Potential for domestic benefits for medical tourism to Barbados

 

A study of the potential of Barbados as a medical tourism destination by Simon Fraser University.  'Understanding the potential health equity impacts of medical tourism sector growth and development in Barbados' argues that medical tourism could be a source of additional finance for clinics and a way of increasing the range of medical services locally.

But before any of that can happen, there is a need for significant investment in the healthcare infrastructure. With local investors and government unwilling or unable to do this, there is an urgent need for foreign investors.

Foreign investors have backed all three private hospital projects in the last decade. There are concerns locally that an over reliance on international investors will mean that any profits from medical tourism will not stay in Barbados. As yet, this is not a problem as few extra medical tourists are being attracted. 

Another concern is that private healthcare will dissuade the Barbadian government from investing in public healthcare.

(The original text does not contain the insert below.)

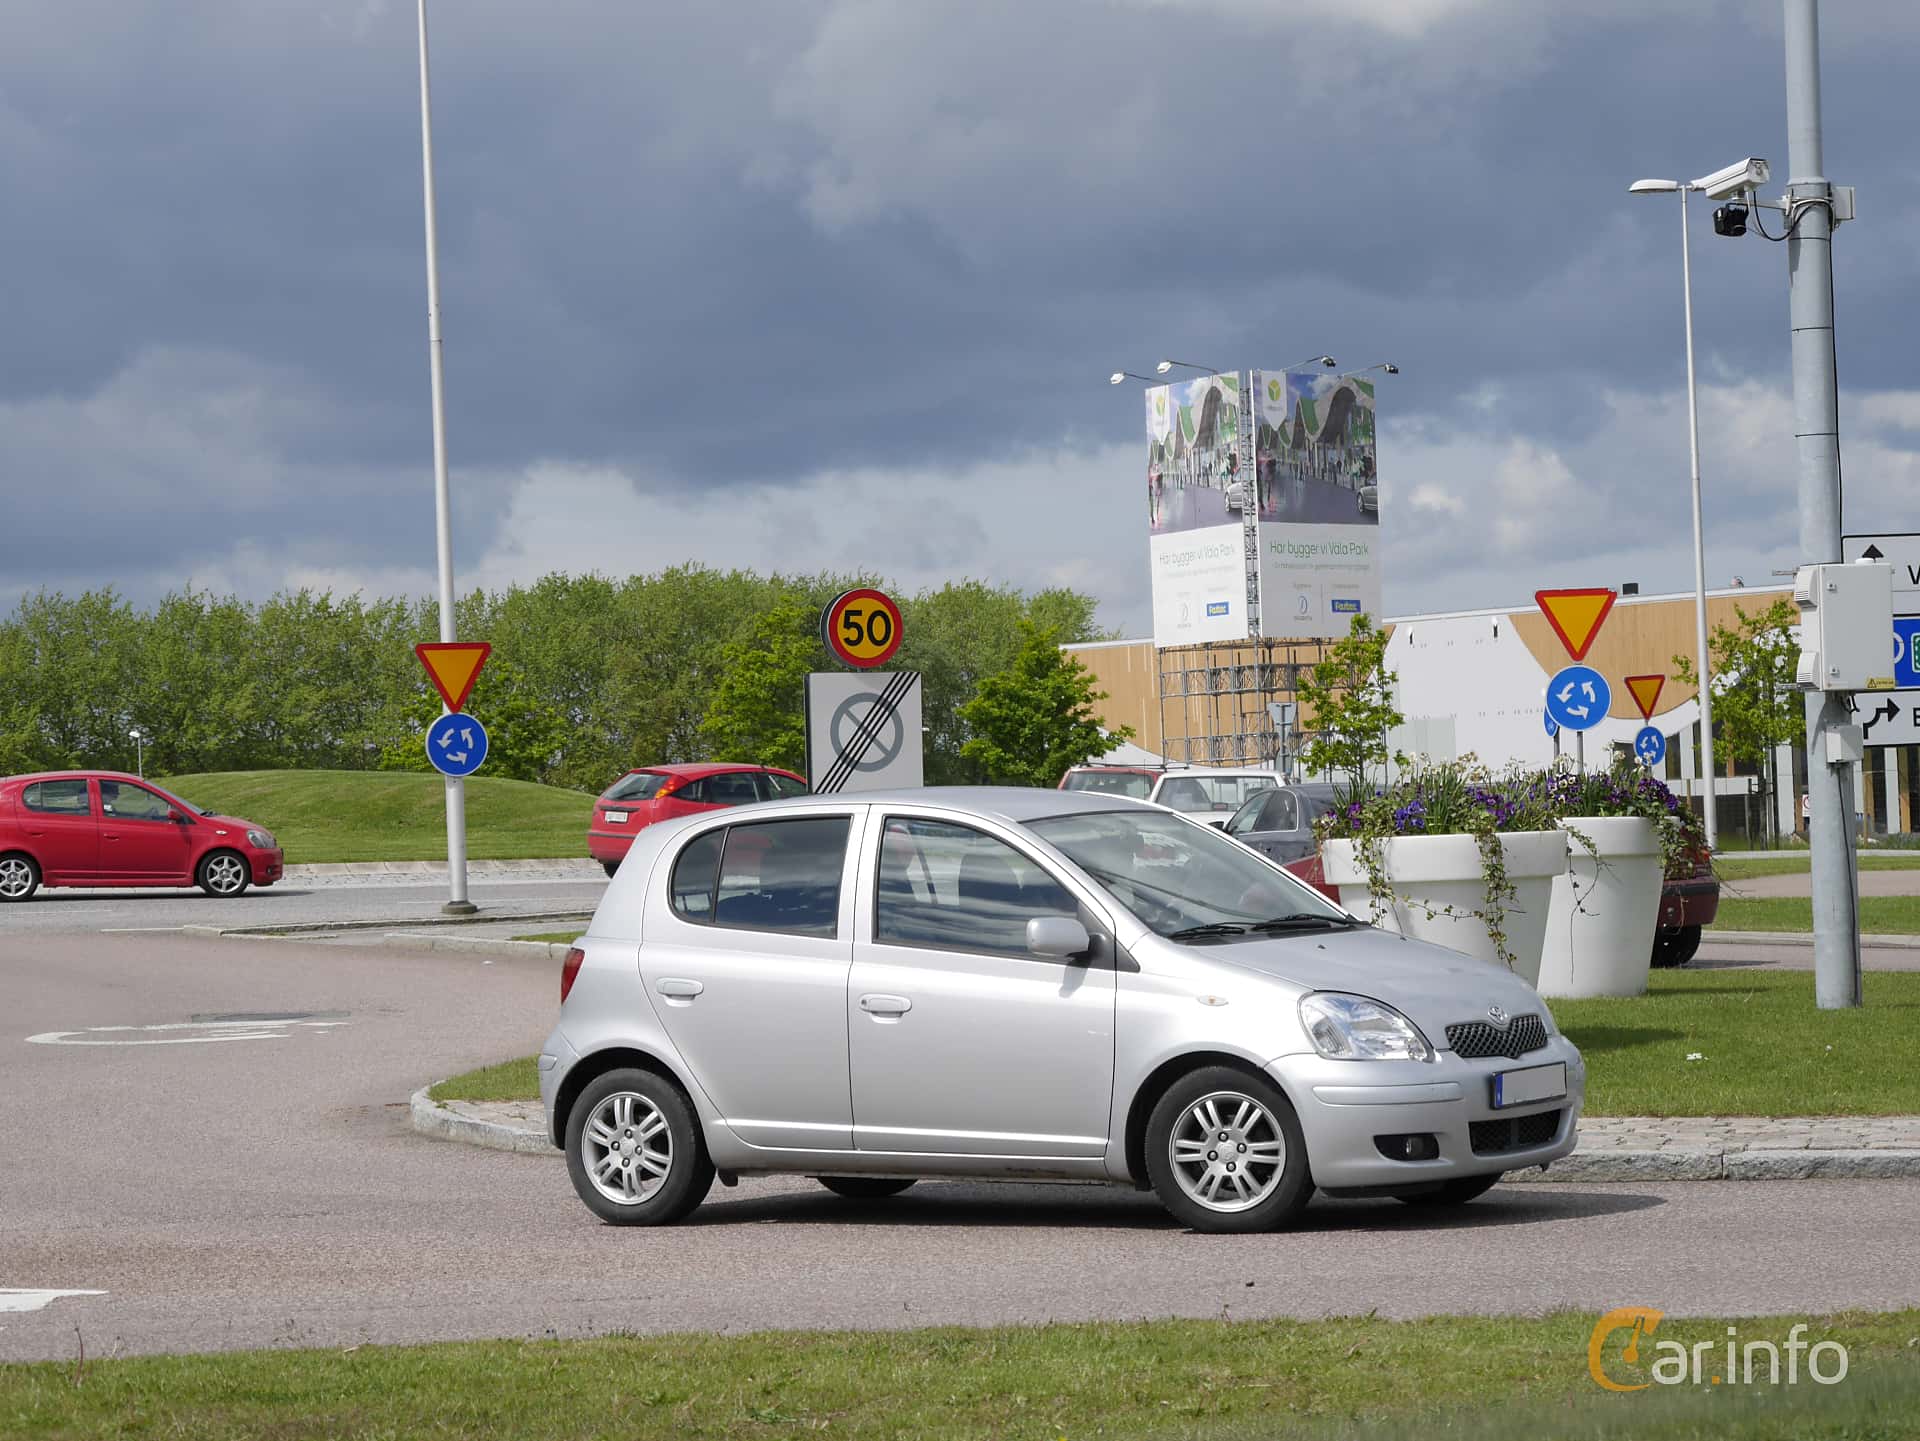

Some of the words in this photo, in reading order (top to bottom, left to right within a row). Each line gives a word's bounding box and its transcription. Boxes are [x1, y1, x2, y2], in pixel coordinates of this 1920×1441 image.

[1288, 539, 1318, 558] bygger
[1349, 542, 1368, 556] Park
[843, 610, 892, 647] 50

Two new hospital projects involving medical tourism both propose using doctors from overseas rather than locals. While flown in expertise allows the country to offer extra services to locals, it can stop the development of local doctors who face competition from people with tax and regulatory advantages.

Local hospitals and clinics that tend to be small, face substantial costs if they seek international accreditation to assure patients on quality. Whether such accreditation is worth the cost for any extra numbers of medical tourists it attracts, is questionable. Is any improvement in clinical outcome, worth the cost?

High paying medical tourists, if sufficient numbers could be attracted to the island,  can help improve facilities for the small local population.